▶ **Task objective**: Would you copy every line of the listing below that includes the word "NUESTRO"?
= = = = = = =
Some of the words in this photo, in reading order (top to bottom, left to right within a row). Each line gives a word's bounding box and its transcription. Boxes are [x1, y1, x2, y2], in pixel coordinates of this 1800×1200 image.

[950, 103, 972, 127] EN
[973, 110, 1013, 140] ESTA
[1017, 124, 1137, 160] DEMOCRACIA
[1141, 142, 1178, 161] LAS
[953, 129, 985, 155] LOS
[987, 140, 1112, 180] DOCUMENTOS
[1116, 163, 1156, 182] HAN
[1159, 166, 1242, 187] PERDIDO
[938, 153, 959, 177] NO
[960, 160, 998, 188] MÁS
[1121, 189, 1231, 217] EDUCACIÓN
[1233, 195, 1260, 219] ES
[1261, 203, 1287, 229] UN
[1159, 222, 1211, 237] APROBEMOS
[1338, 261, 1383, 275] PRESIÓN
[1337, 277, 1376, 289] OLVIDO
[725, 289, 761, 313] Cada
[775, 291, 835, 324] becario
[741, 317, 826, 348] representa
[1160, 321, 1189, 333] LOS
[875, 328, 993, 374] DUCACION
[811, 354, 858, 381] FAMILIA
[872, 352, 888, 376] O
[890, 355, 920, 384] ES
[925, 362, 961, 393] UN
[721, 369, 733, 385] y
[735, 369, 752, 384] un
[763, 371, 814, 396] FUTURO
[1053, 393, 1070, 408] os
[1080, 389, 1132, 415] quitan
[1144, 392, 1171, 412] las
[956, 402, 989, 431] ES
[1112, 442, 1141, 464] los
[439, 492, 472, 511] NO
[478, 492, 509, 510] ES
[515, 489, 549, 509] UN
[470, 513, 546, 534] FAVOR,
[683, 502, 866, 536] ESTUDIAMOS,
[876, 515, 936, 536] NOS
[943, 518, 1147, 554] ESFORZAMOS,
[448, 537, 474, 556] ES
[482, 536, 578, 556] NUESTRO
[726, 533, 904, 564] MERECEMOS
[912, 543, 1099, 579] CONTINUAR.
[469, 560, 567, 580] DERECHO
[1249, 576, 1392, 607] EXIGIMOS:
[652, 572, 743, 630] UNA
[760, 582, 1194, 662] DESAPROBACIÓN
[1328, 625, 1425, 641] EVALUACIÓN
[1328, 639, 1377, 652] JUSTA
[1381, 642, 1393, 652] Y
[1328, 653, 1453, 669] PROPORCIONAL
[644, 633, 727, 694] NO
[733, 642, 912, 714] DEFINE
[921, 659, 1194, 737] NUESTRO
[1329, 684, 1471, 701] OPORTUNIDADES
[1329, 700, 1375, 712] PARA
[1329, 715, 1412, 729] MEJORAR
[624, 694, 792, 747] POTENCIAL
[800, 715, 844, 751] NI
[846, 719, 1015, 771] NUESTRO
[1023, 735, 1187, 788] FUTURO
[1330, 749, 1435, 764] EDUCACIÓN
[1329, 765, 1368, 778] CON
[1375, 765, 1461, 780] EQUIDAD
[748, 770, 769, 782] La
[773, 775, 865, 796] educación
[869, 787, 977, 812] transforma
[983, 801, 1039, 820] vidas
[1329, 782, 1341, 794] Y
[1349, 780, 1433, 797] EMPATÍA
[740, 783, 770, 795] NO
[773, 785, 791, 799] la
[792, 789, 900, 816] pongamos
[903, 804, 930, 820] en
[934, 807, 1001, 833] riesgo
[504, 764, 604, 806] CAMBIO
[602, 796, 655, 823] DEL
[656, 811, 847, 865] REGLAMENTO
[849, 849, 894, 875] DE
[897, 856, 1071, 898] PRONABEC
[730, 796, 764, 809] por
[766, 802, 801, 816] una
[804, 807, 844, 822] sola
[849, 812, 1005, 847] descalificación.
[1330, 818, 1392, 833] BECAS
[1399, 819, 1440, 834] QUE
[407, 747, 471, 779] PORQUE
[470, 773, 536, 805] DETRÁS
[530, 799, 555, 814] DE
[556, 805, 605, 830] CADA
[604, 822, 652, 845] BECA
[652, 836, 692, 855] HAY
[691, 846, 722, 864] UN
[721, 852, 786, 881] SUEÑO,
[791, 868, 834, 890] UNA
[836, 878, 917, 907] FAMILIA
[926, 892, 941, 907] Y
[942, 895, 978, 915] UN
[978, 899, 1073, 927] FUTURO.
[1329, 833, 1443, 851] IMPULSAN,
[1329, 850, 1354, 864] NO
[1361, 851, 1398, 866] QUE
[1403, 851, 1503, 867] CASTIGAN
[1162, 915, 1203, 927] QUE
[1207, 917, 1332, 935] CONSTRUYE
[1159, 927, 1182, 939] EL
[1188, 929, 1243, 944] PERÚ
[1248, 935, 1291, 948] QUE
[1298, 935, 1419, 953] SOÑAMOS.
= = = = = = =
▶ **Response**:
[482, 536, 578, 556] NUESTRO
[921, 659, 1194, 737] NUESTRO
[846, 719, 1015, 771] NUESTRO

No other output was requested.